'''
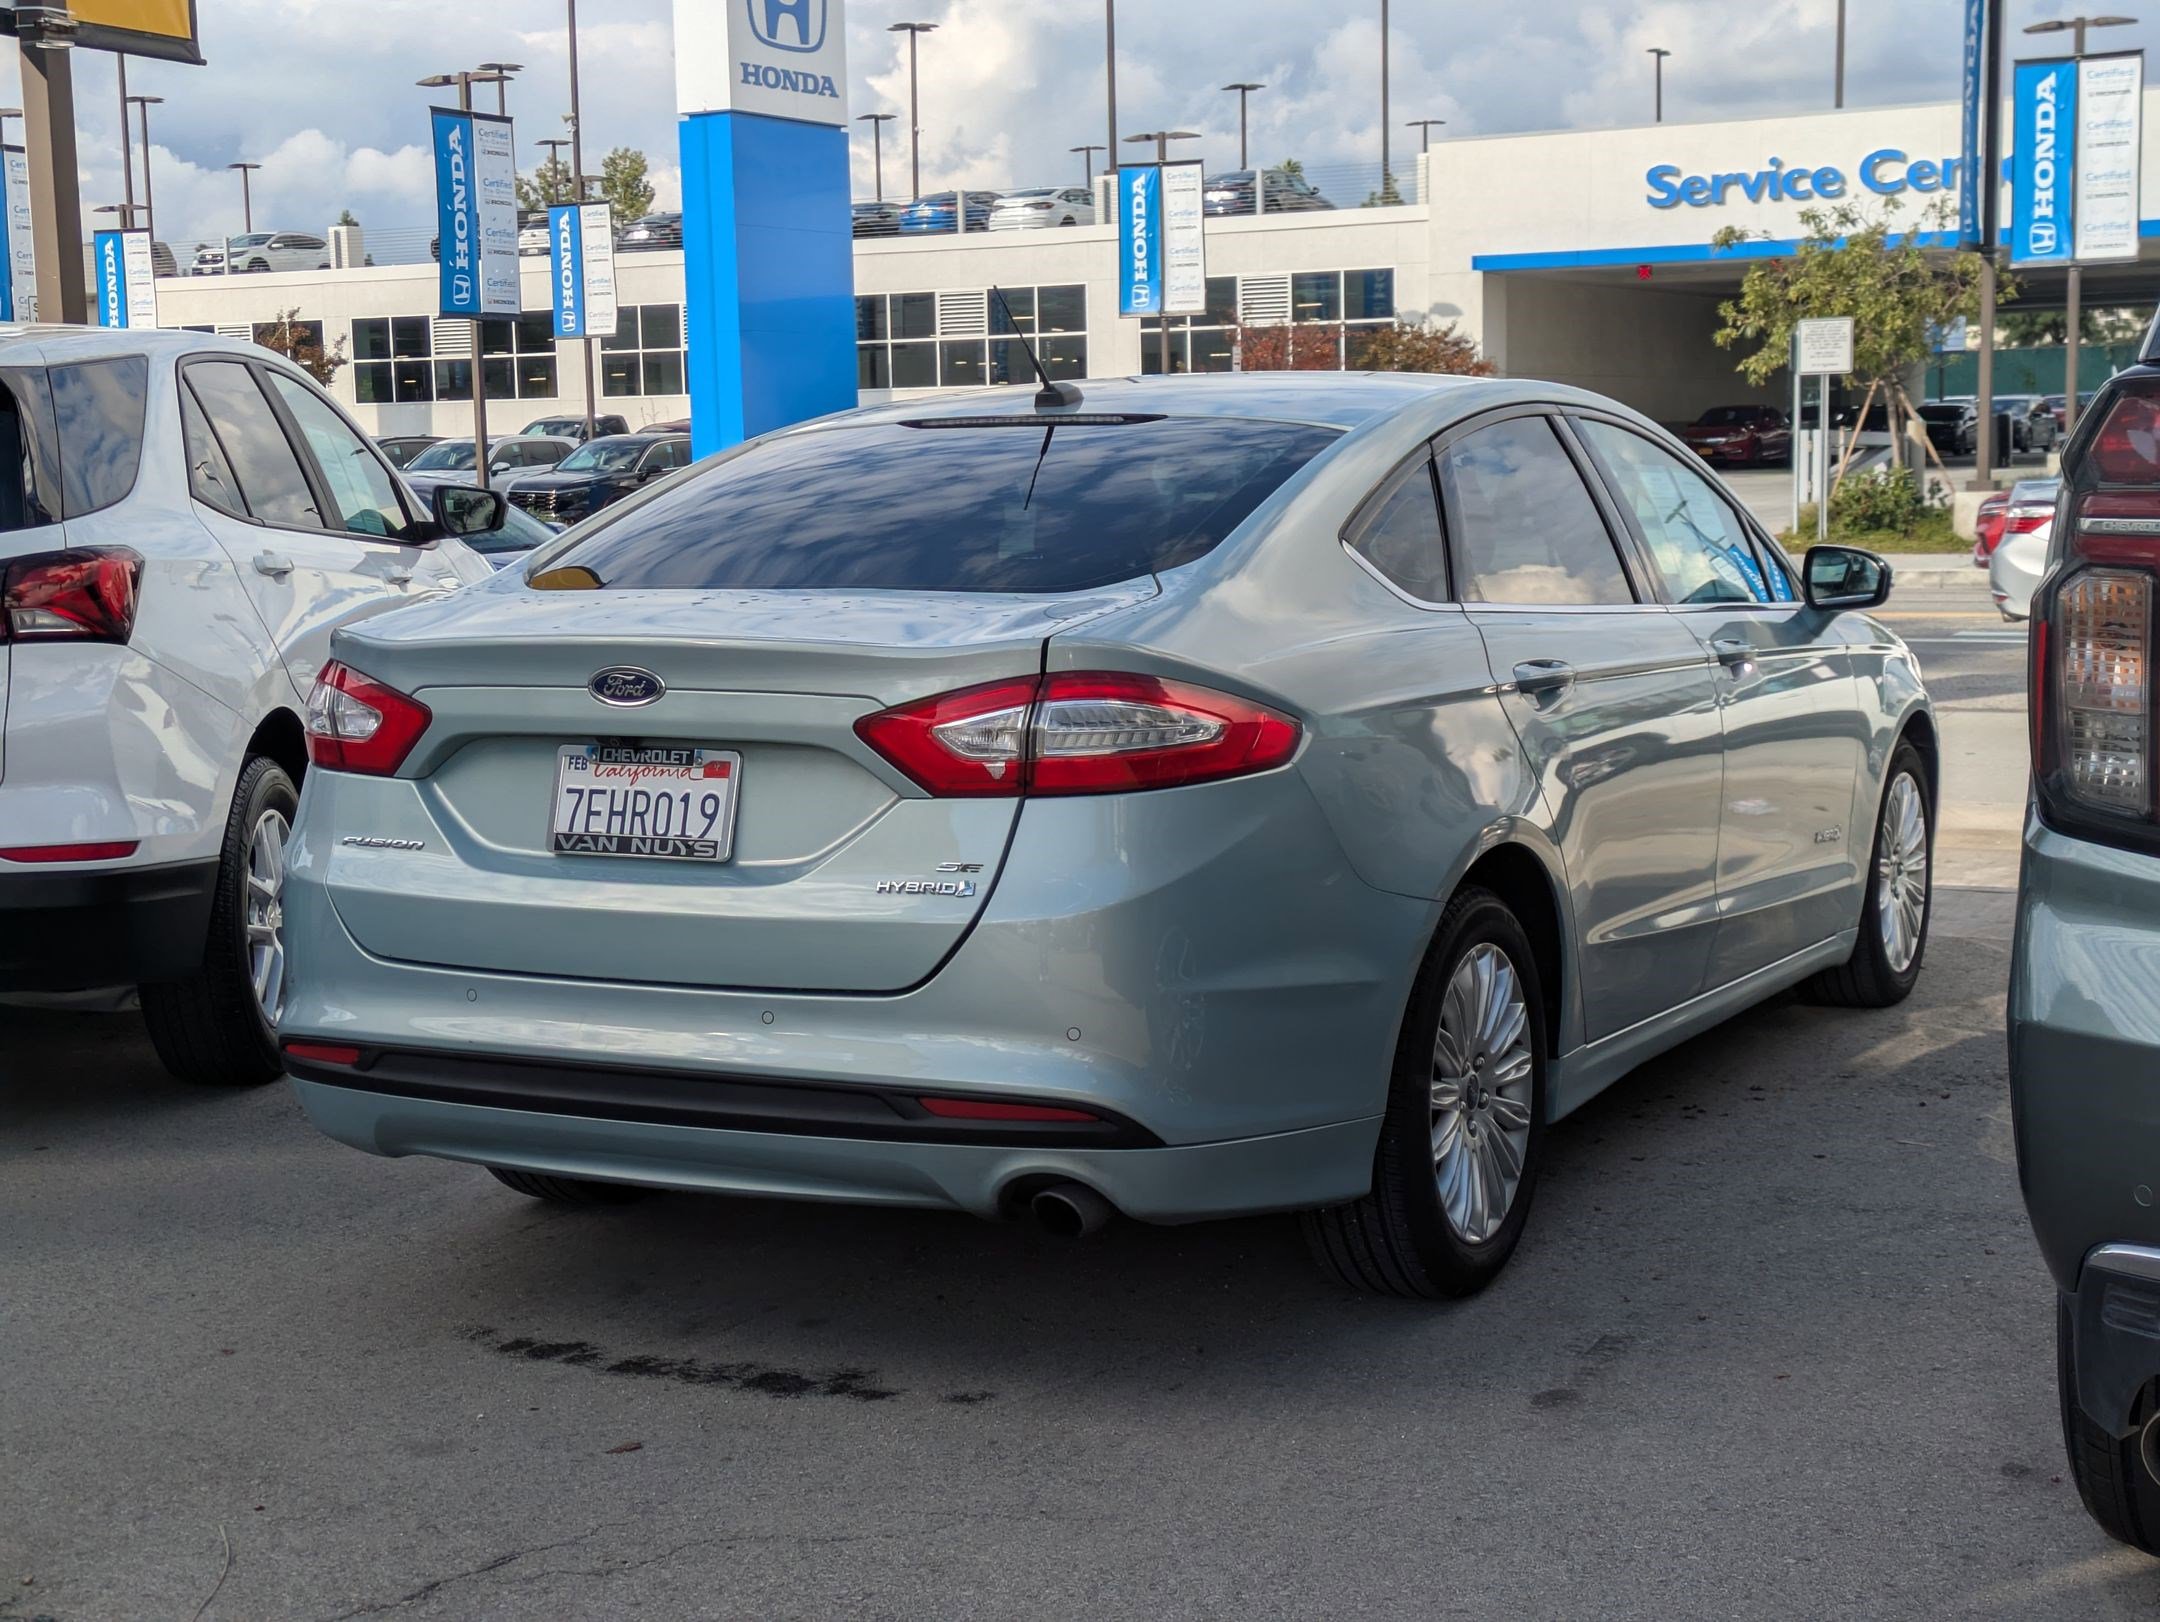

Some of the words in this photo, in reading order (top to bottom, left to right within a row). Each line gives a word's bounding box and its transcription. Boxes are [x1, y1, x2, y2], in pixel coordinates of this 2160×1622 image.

[740, 62, 839, 98] HONDA
[479, 128, 508, 139] Certified
[2034, 71, 2057, 219] HONDA
[483, 178, 512, 189] Certified
[1646, 156, 1844, 207] Service
[448, 124, 469, 270] HONDA
[486, 228, 515, 238] Certified
[1132, 173, 1148, 281] HONDA
[559, 210, 573, 309] HONDA
[104, 238, 120, 328] HONDA
[487, 278, 516, 287] Certified
[603, 674, 647, 697] Ford
[568, 757, 588, 771] FEB
[602, 748, 690, 764] CHEVROLET
[566, 787, 721, 839] 7EHR019
[557, 835, 618, 853] VAN
[630, 838, 716, 857] NUYS
[936, 862, 984, 873] SE
[876, 881, 957, 896] HYBRID
'''
# [What is expected]
Nothing but the pictures is to be left out; repeat the data exactly.

# [Answer]
Some of the words in this photo, in reading order (top to bottom, left to right within a row). Each line gives a word's bounding box and its transcription. Boxes are [x1, y1, x2, y2], in pixel coordinates of this 2160×1622 image.

[740, 62, 839, 98] HONDA
[479, 128, 508, 139] Certified
[2034, 71, 2057, 219] HONDA
[483, 178, 512, 189] Certified
[1646, 156, 1844, 207] Service
[448, 124, 469, 270] HONDA
[486, 228, 515, 238] Certified
[1132, 173, 1148, 281] HONDA
[559, 210, 573, 309] HONDA
[104, 238, 120, 328] HONDA
[487, 278, 516, 287] Certified
[603, 674, 647, 697] Ford
[568, 757, 588, 771] FEB
[602, 748, 690, 764] CHEVROLET
[566, 787, 721, 839] 7EHR019
[557, 835, 618, 853] VAN
[630, 838, 716, 857] NUYS
[936, 862, 984, 873] SE
[876, 881, 957, 896] HYBRID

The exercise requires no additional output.